§ **Input**:
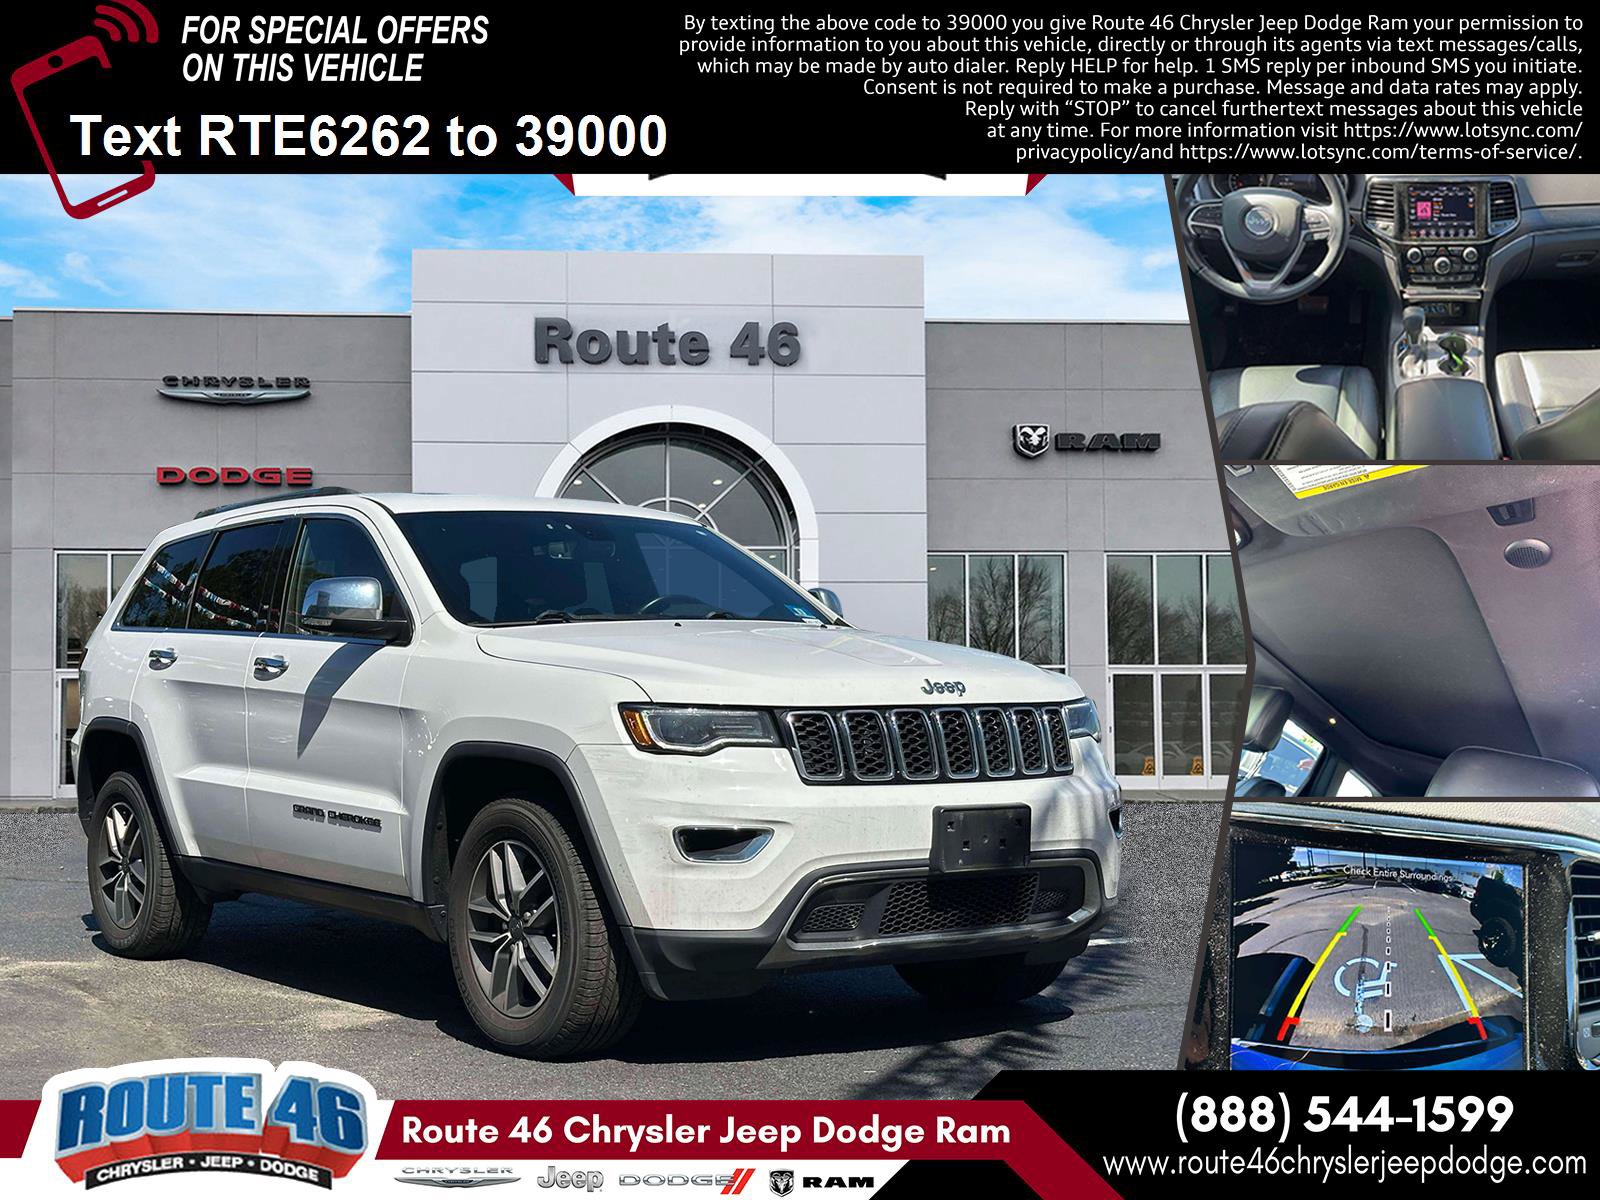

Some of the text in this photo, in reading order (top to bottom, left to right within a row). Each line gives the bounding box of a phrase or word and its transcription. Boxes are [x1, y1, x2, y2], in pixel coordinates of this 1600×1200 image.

[534, 317, 801, 367] Route 46
[162, 375, 311, 388] CHRYSLER
[1055, 433, 1161, 452] RAM
[156, 466, 313, 486] DODGE
[921, 678, 966, 697] Jeep
[293, 804, 325, 818] GRAND
[1343, 866, 1454, 883] Check Entire Surroundings

§ **Work request**:
With the pictures stripped out, return each record word for word.

§ **Answer to the exercise**:
Some of the text in this photo, in reading order (top to bottom, left to right within a row). Each line gives the bounding box of a phrase or word and its transcription. Boxes are [x1, y1, x2, y2], in pixel coordinates of this 1600×1200 image.

[534, 317, 801, 367] Route 46
[162, 375, 311, 388] CHRYSLER
[1055, 433, 1161, 452] RAM
[156, 466, 313, 486] DODGE
[921, 678, 966, 697] Jeep
[293, 804, 325, 818] GRAND
[1343, 866, 1454, 883] Check Entire Surroundings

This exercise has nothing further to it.